FAQC'est quoi une « IA souveraine pour coder » concrètement ?
C'est une chaîne de production logicielle où la couche qui orchestre les modèles — qui les appelle, avec quel contexte, sous quelles règles, vers quel dépôt — est maîtrisée et hébergée en Europe. Le modèle lui-même (Claude, GPT) peut rester américain : ce qui compte pour la souveraineté quotidienne, c'est l'outil qui voit passer vos prompts, votre code et vos données, pas le poids du modèle.
Si Agentation utilise Claude ou GPT, comment peut-il être souverain ?
Parce que la souveraineté pour coder ne se joue pas sur le modèle mais sur l'orchestration. Avec juste un modèle, on ne fait pas grand-chose : c'est la couche d'outils qui transforme du texte généré en logiciel vérifié et déployé.
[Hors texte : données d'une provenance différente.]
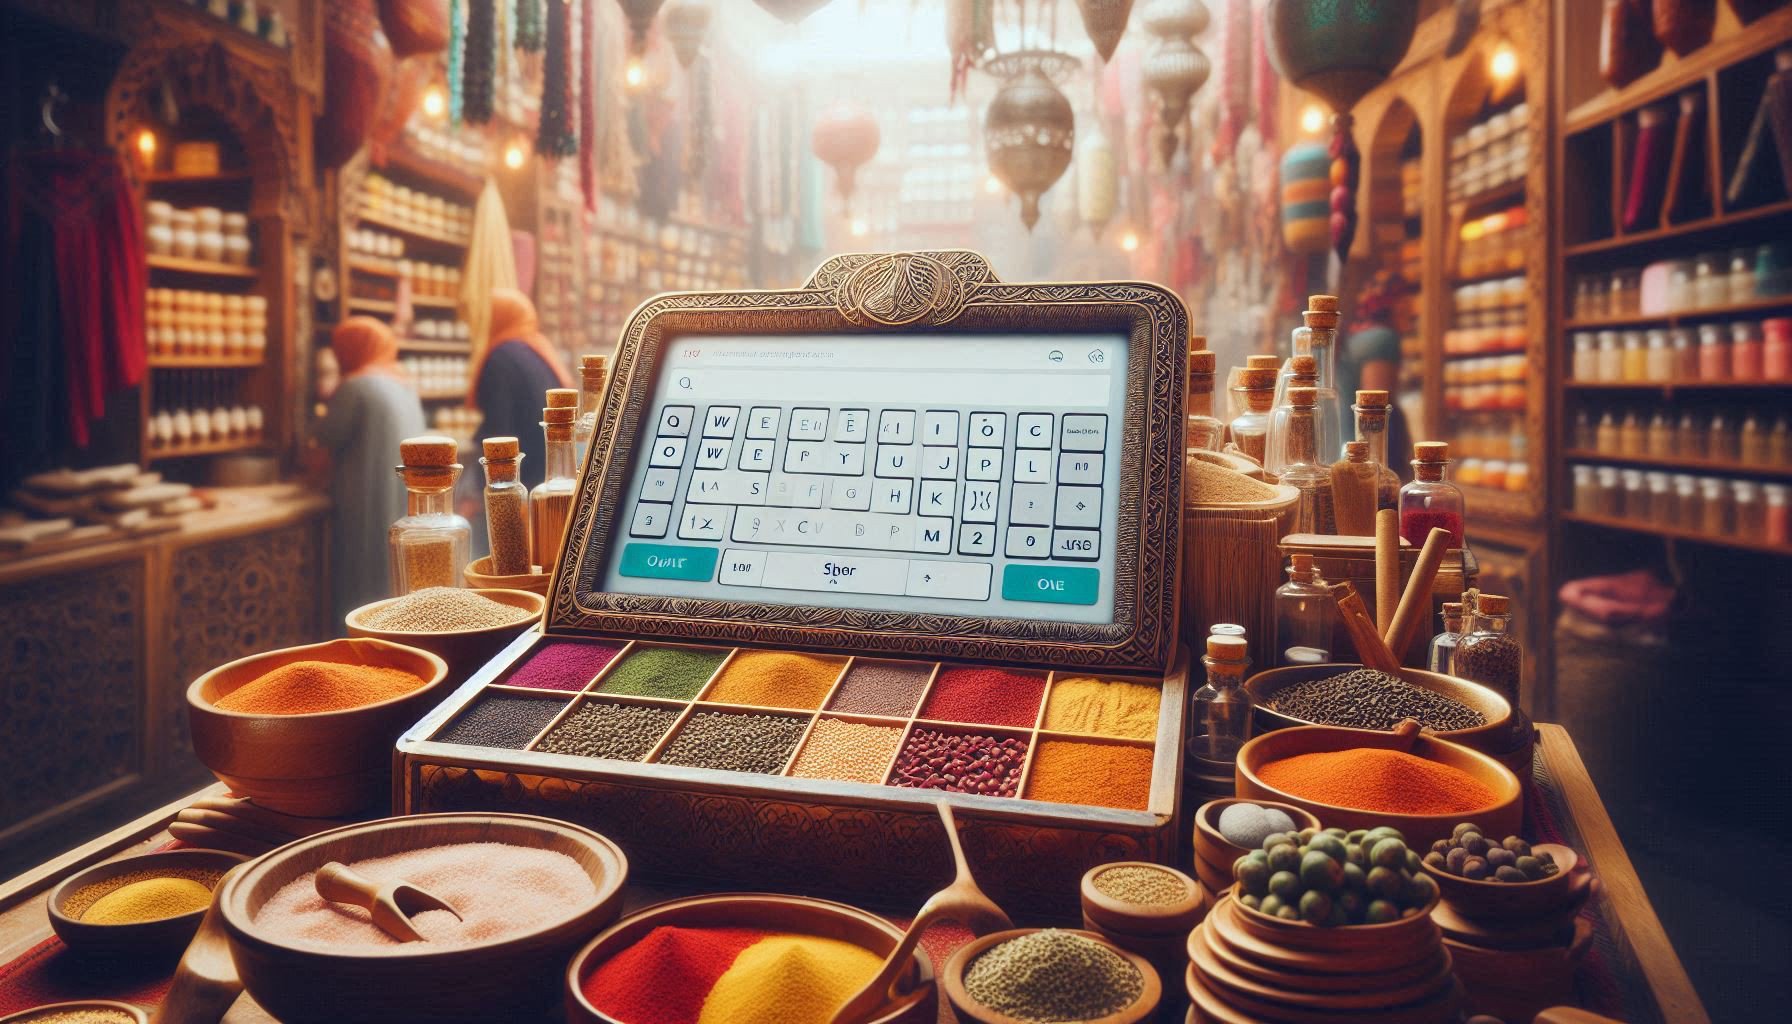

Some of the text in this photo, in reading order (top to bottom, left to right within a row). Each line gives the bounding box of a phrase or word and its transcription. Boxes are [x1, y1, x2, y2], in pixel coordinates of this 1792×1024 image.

Cette couche — orchestration, gates, stockage, déploiement — est française, hébergée en UE (Hetzner, Supabase), et votre code reste dans votre GitHub. Vous branchez votre propre plan modèle ; nous ne voyons jamais votre code.
Mes données et mon code sortent-ils de l'UE ?
L'orchestration tourne sur une infrastructure hébergée en UE (Hetzner en Allemagne), les données applicatives sont sur Supabase (UE), et votre code source reste dans votre propre GitHub — Agentation ne le stocke pas. Les seuls appels sortants sont vers le fournisseur de modèle que vous choisissez, via votre abonnement, sur les extraits strictement nécessaires. Le reste de la chaîne est sous cadre européen et RGPD.
En quoi est-ce mieux que d'utiliser Cursor, Copilot ou un assistant IA directement ?
Un assistant vous rend du code à relire, corriger et faire confiance vous-même — vous restez le goulot et le filet de sécurité, et l'outil envoie souvent vos prompts hors UE. Agentation intercale un Tech Lead qui encode vos règles et des gates déterministes (lint, types, tests, sécurité) qui vérifient avant la prod, le tout dans un cadre européen via votre GitHub. Vous recevez des résultats vérifiés, pas de la sortie brute à surveiller.
La souveraineté, ça veut dire perdre en qualité de modèle ?
Non. Agentation vous laisse utiliser les meilleurs modèles du marché via votre propre abonnement. On ne bride pas le modèle ; on contrôle la couche autour : orchestration, vérification, stockage, déploiement. Vous gardez la puissance des modèles globaux et reprenez la main sur le point de passage critique de vos données et de votre code.
Pourquoi insister sur le fait que c'est une équipe française ?
Parce que la souveraineté n'est pas qu'une affaire technique, c'est une affaire de qui contrôle l'outil. Agentation est une entreprise française, opérée par une équipe française, qui héberge en UE et applique le RGPD par conception. On ne prétend pas réinventer les modèles ; on construit la couche d'orchestration souveraine qui, elle, est entièrement entre des mains européennes — et c'est cette couche qui décide de votre dépendance réelle.